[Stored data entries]

# # # # #

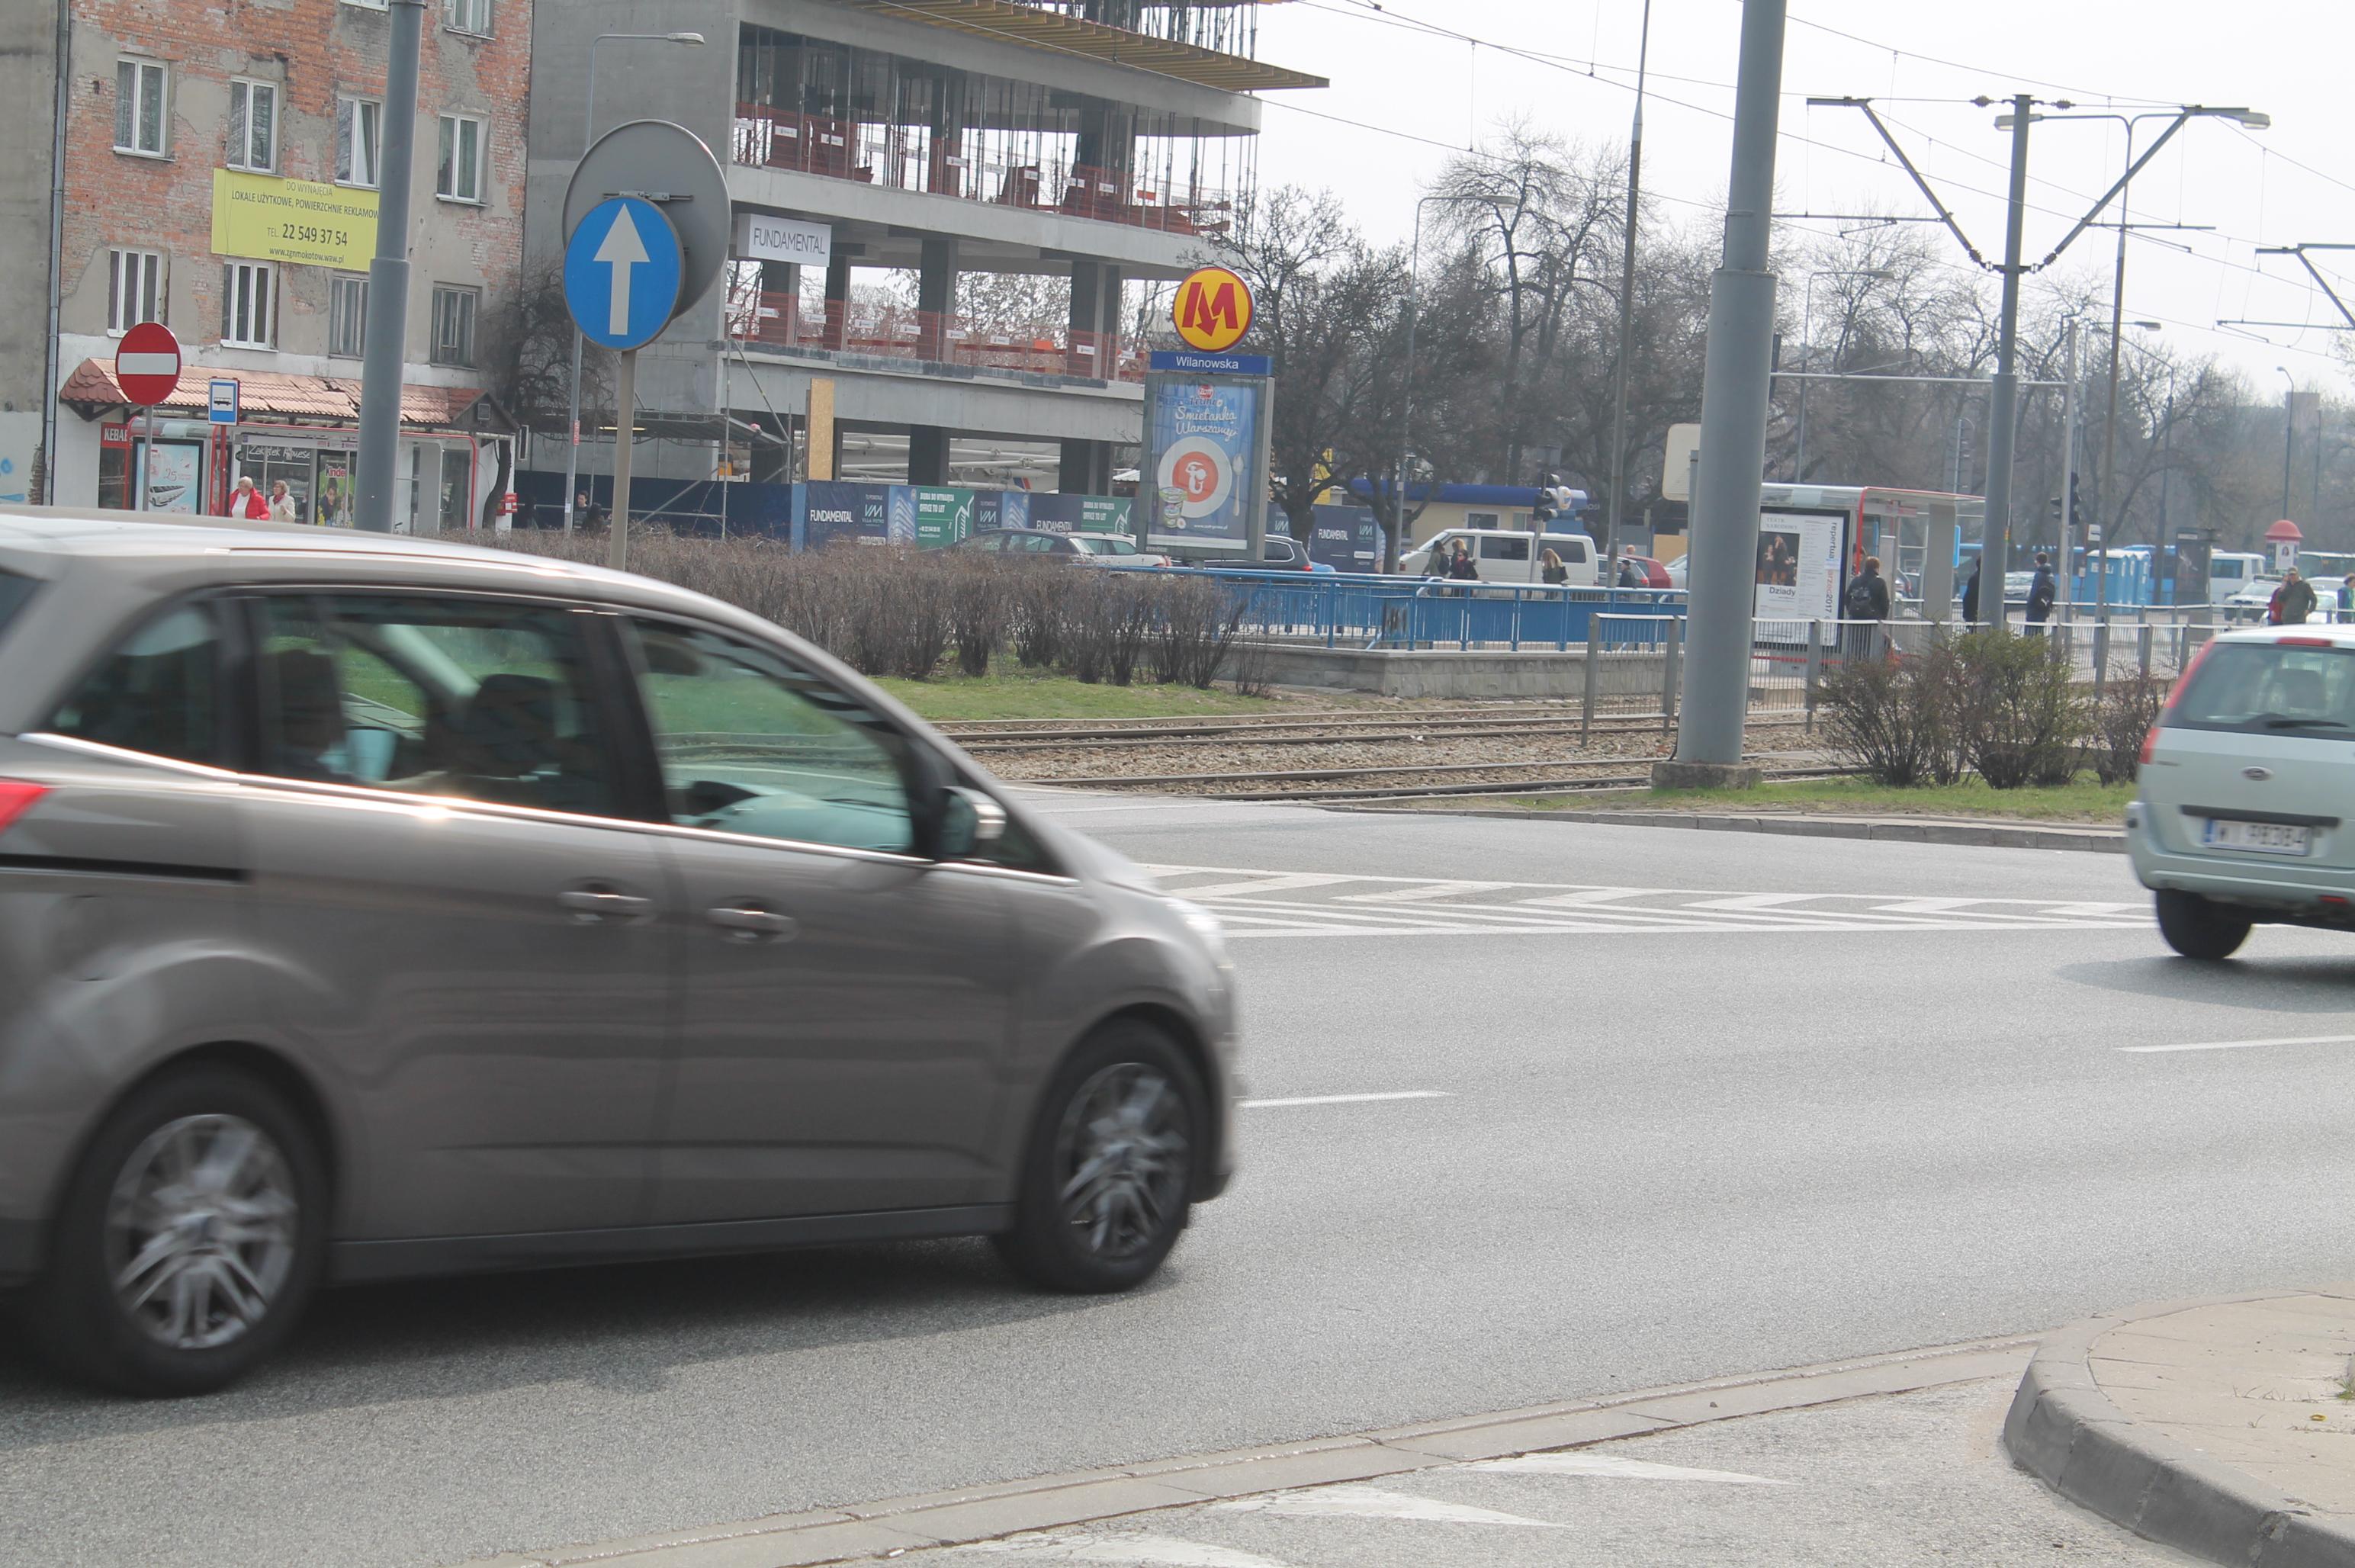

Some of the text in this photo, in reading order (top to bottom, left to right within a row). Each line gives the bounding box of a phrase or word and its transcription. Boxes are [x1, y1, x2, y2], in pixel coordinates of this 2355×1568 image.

[286, 181, 333, 198] DO WYNAJĘCIA
[231, 190, 379, 219] LOKALE UŻYTKOWE, POWIERZCHNIE REKLAMOW
[267, 223, 348, 246] TEL. 22 549 37 54
[753, 227, 825, 255] FUNDAMENTAL
[269, 248, 344, 264] www.zgnmokotow.waw.pl
[1176, 356, 1239, 370] Wilanowska
[810, 509, 853, 523] FUNDAMENTAL
[1318, 529, 1349, 541] FUNDAMENTAL
[1769, 586, 1796, 596] Dziady

# # # # #

▶ [Task item]
The records are to be duplicated in full and exactly, with images left out.

▶ [Task output]
Some of the text in this photo, in reading order (top to bottom, left to right within a row). Each line gives the bounding box of a phrase or word and its transcription. Boxes are [x1, y1, x2, y2], in pixel coordinates of this 2355×1568 image.

[286, 181, 333, 198] DO WYNAJĘCIA
[231, 190, 379, 219] LOKALE UŻYTKOWE, POWIERZCHNIE REKLAMOW
[267, 223, 348, 246] TEL. 22 549 37 54
[753, 227, 825, 255] FUNDAMENTAL
[269, 248, 344, 264] www.zgnmokotow.waw.pl
[1176, 356, 1239, 370] Wilanowska
[810, 509, 853, 523] FUNDAMENTAL
[1318, 529, 1349, 541] FUNDAMENTAL
[1769, 586, 1796, 596] Dziady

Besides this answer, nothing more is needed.